Na sua primeira prova de vida como membro da União dos Teatros da Europa, e com a ferida da crise dos refugiados ainda em carne viva, o Volkstheater de Viena confirmou-se como um lugar entre o Ocidente e o Oriente. Aqui, diz a directora artística Anna Badora, não há nem haverá fronteiras.

Scene from POKOJNIK / THE DECEASED. A guest performance of the JDP at the Volkstheater Wien. Photo © Jelena Veljković
Scene from POKOJNIK / THE DECEASED. A guest performance of the JDP at the Volkstheater Wien. Photo © Jelena Veljković

Um espectro, a aparentemente ingerível vaga de refugiados, pairava sobre a Europa no dia em que o Volkstheater de Viena abriu a sua temporada-relâmpago exclusivamente dedicada à vizinha Sérvia, país de origem de uma das maiores comunidades da cidade (entre imigrantes de primeira, segunda, terceira e quarta geração, cerca de 156 mil pessoas, das quais 70 mil mantêm passaporte sérvio) que ali se abrigou historicamente da pobreza e do desemprego, mas também, mais recentemente, da claustrofobia do Titismo e, ainda mais recentemente ainda, das sucessivas tempestades balcânicas. Outro espectro, o do terrorismo como epidemia de proporções sem precedentes, pairava sobre a Europa um dia depois, na insuportável ressaca de mais um atentado em Paris que feriu de morte o modo de vida ocidental, atirando à queima-roupa sobre algumas das suas mais nucleares manifestações (o futebol, o espectáculo, a boa vida).

Entre uma e outra crise, um teatro literalmente situado no centro da Europa, literalmente situado no cruzamento em que o Ocidente e o Oriente se encontram e se defrontam há séculos, fez o que sempre se faz, deixou o espectáculo continuar. No caso do festival Serbischer November (Novembro Sérvio), que entre os dias 13 e 16 mobilizou diversos espaços do Volkstheater, porém, espectáculo pode ser uma palavra inadequada: houve festa sim, e uma noite para comer, beber e dançar, mas também houve o duro embate, ainda que acolchoado pela comédia, com o cadastro nepotista do socialismo (Pokojnic, de Branišlav Nusić, encenação de Igor Vuk Torbica), os milhares de mortos e feridos das guerras de desintegração da Jugoslávia (Aleksandra Zec, de Olivier Frljić, encenação de Olivier Frljić) e o cada vez mais agudo, quando se esperaria cada vez mais obsoleto, choque cultural europeu entre o Norte rico e importador de mão-de-obra barata e o Sul empobrecido e fatalmente emigrante (Katzelmacher, de Rainer Werner Fassbinder, encenação de Bojana Lazić).

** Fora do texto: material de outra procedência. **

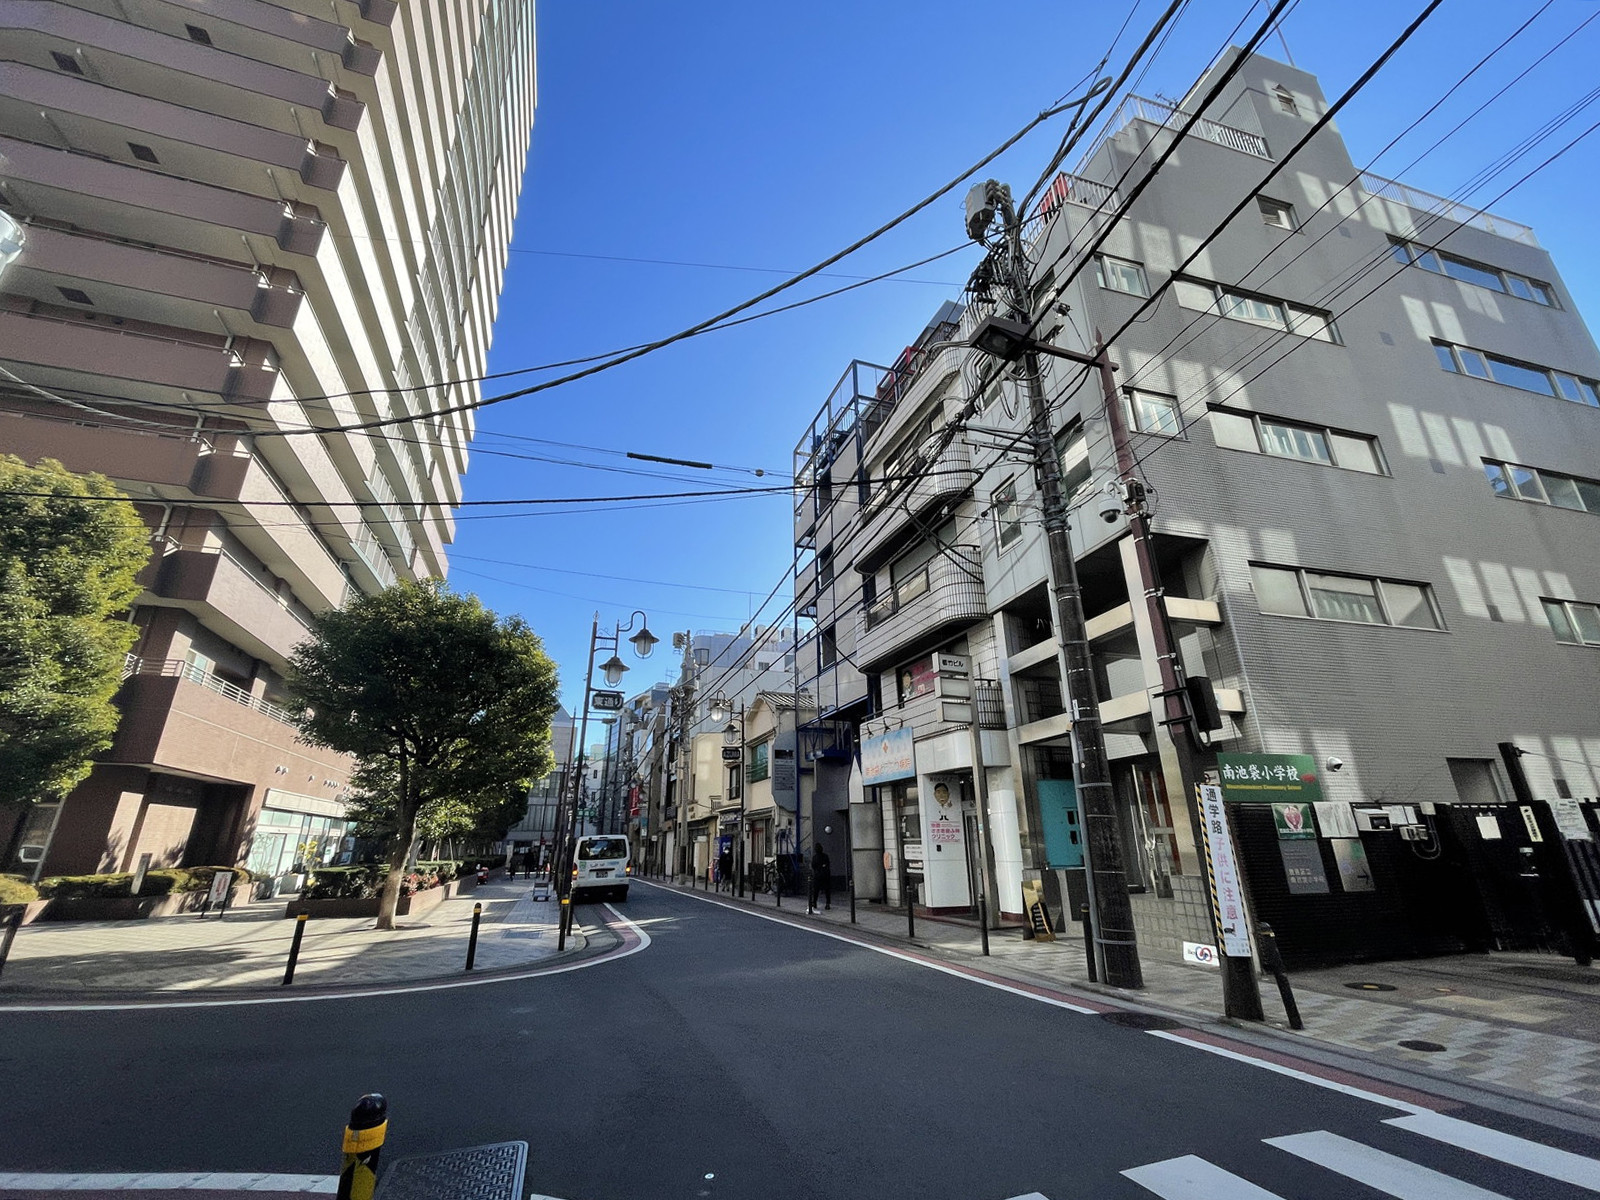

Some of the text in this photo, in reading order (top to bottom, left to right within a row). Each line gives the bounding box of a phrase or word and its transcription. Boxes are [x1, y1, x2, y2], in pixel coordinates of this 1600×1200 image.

[593, 696, 623, 708] 東通り
[1222, 763, 1300, 781] 南池袋小学校

Questões traumáticas, estas que ainda pesam às costas de um país com poucos anos de vida em democracia – traumáticas para Sérvia e, a outro nível, traumáticas também para Viena, considerando que foi precisamente um nacionalista sérvio, Gavrilo Princip (1894-1918), a precipitar, com o assassinato do arquiduque Francisco Fernando, a 28 de Junho de 1914, a Primeira Guerra Mundial e, com ela, o inapelável fim do Império Austro-Húngaro. Mas isso era só o século XX a começar; quando acabou, Viena tinha voltado a ser uma das maiores cidades da diáspora sérvia (melhor: uma das maiores cidades sérvias), e inventara entretanto a psicanálise para digerir esse e outros traumas.

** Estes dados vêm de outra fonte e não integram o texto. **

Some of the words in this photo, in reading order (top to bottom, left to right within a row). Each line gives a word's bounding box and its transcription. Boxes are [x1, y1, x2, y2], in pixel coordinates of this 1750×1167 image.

Porquê voltar a falar do assunto, cem anos depois da violência com que a Áustria e a Sérvia se atacaram e se defenderam em pleno campo de batalha? Bom, justamente porque passou tempo suficiente para isto não ter de continuar a ser um trauma. E porque, como nos explica muito pragmaticamente a nova directora do Volkstheater, Anna Badora, o Ministério dos Negócios Estrangeiros quis que 2015 fosse o Ano Cultural Áustria-Sérvia: “O Volkstheater tem, em todas as suas temporadas, um foco internacional. Considerando que a comunidade sérvia é extremamente grande, até quando comparada com a comunidade alemã, pareceu-me que aqui podiam combinar-se perfeitamente os interesses do Ministério, da cidade e do teatro.” As plateias cheias – e bilingues – tanto do palco principal do Volkstheater, em pleno coração de Viena, como da sua extensão na Margareten Straβe, confirmam pelo menos o interesse da cidade e da sua expressiva minoria sérvia. Que não é ainda, admite Badora, público regular do

Volkstheater: “A comunidade sérvia, como as outras comunidades de Viena, deve ser trazida para dentro do teatro – como tópico e como audiência. Em Viena, a maioria das pessoas que nos atendem nas lojas não tem o alemão como língua materna. O Volkstheater, que é literalmente ‘o teatro do povo’, tem de sair para a rua e de ir à procura delas.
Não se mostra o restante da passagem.